The next day, Elira spoke.

Not all at once, not easily, but in fragments, like shards of a broken mirror. Caelen listened, sitting across from her at his small table, the fire casting long shadows. Her pain was a constant now, a tide he couldn't outrun, but he didn't pull away.

He couldn't.

"I was born in Vaeloria," she began, her voice low. "A city of spires, white as bone, built around a temple older than the stars. My family were keepers—scholars, priests, guardians of stories no one else remembered."

Her fingers traced the table's grain, as if grounding herself.

"I was training to be one of them. To protect the temple's heart."

"The heart?" Caelen asked, keeping his voice gentle.
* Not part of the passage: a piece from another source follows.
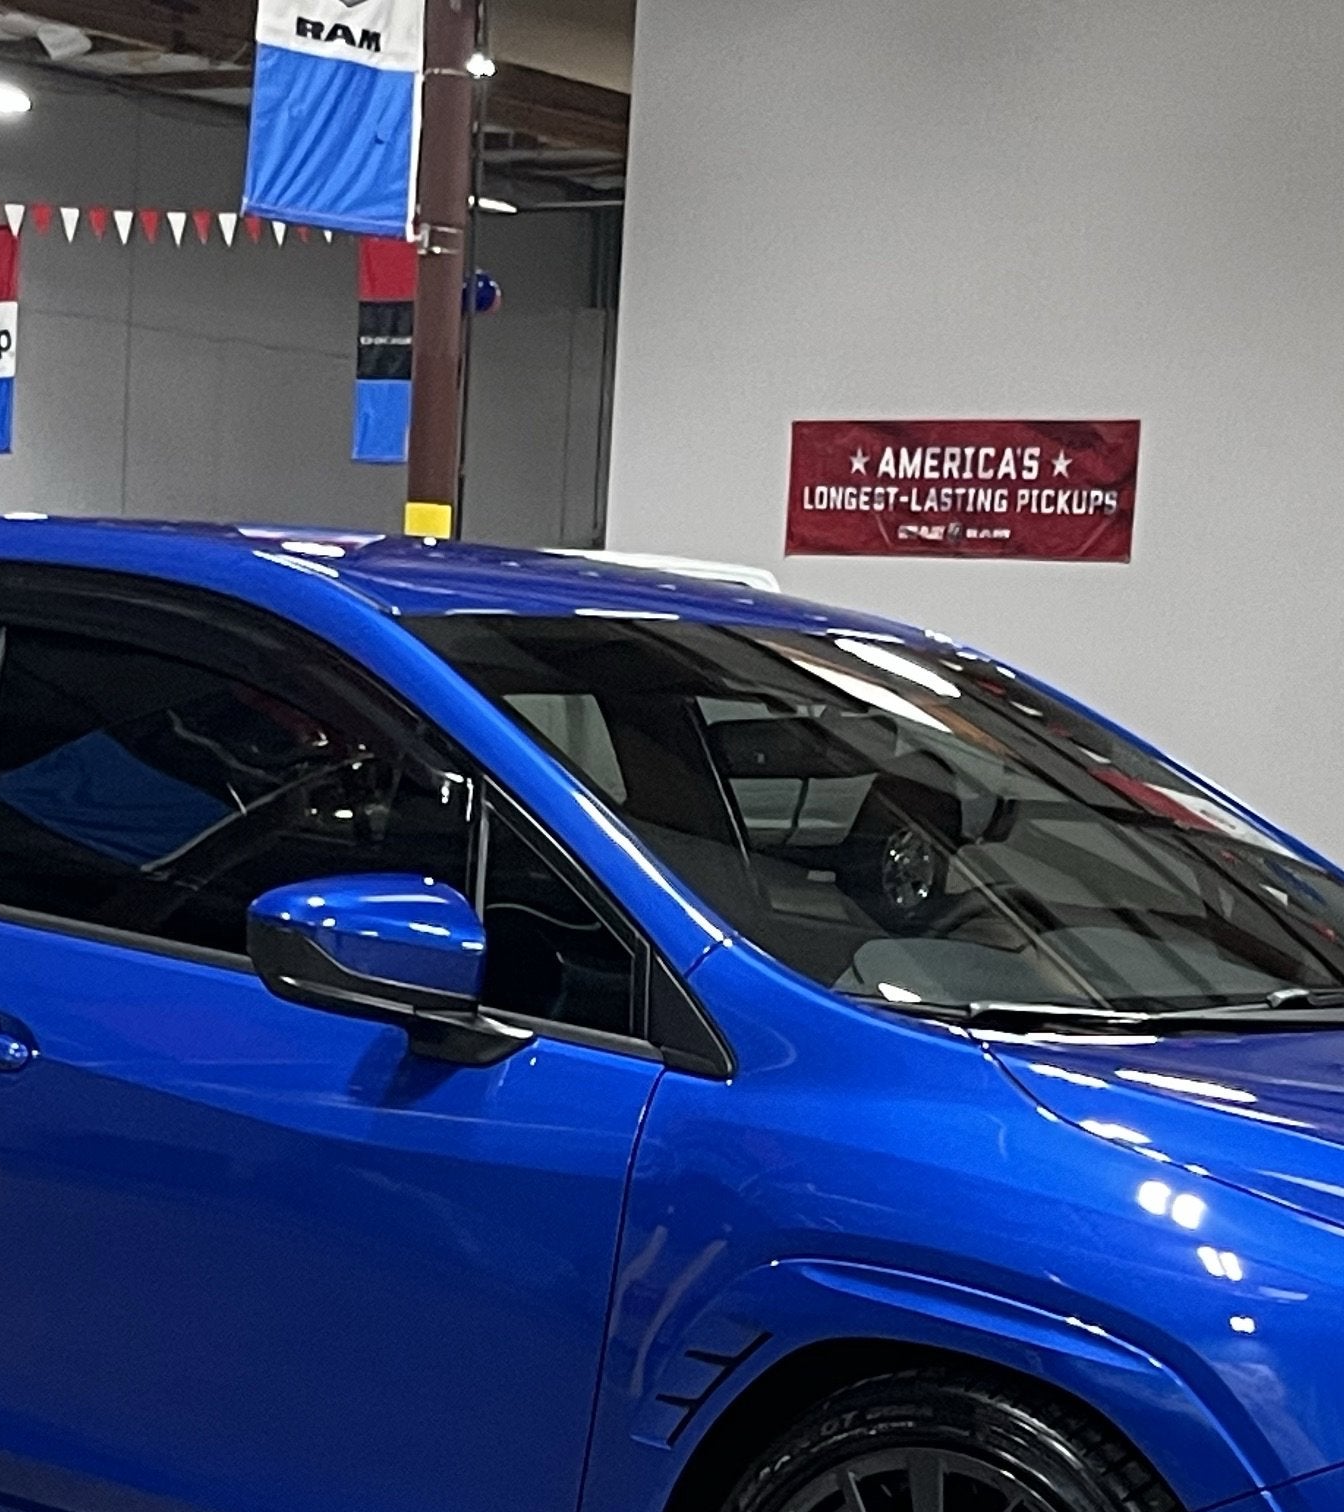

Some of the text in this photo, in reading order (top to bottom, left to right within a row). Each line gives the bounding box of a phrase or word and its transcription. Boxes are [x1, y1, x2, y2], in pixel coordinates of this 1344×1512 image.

She nodded, eyes distant. "A relic. Not gold or jewels, but… light. Pure, living light. It held the world's joy, its hope. They said it kept Aerthalin alive."

Her voice hardened. "Until he came."

Caelen felt it before she said it—a pulse of her fear, her loss.

"The one you mentioned. The end of everything."

"Yes." Her hands clenched. "He was a shadow, a man but not a man. His eyes were empty, like the Hollow's. He wanted the heart, but not to keep it—to destroy it. To make the world forget how to feel."

Her voice broke. "We fought. My mother, my brothers, everyone. But he was too strong. The temple burned. I ran."

Caelen's chest ached, her grief a mirror to his curse.

"You couldn't have stopped him," he said.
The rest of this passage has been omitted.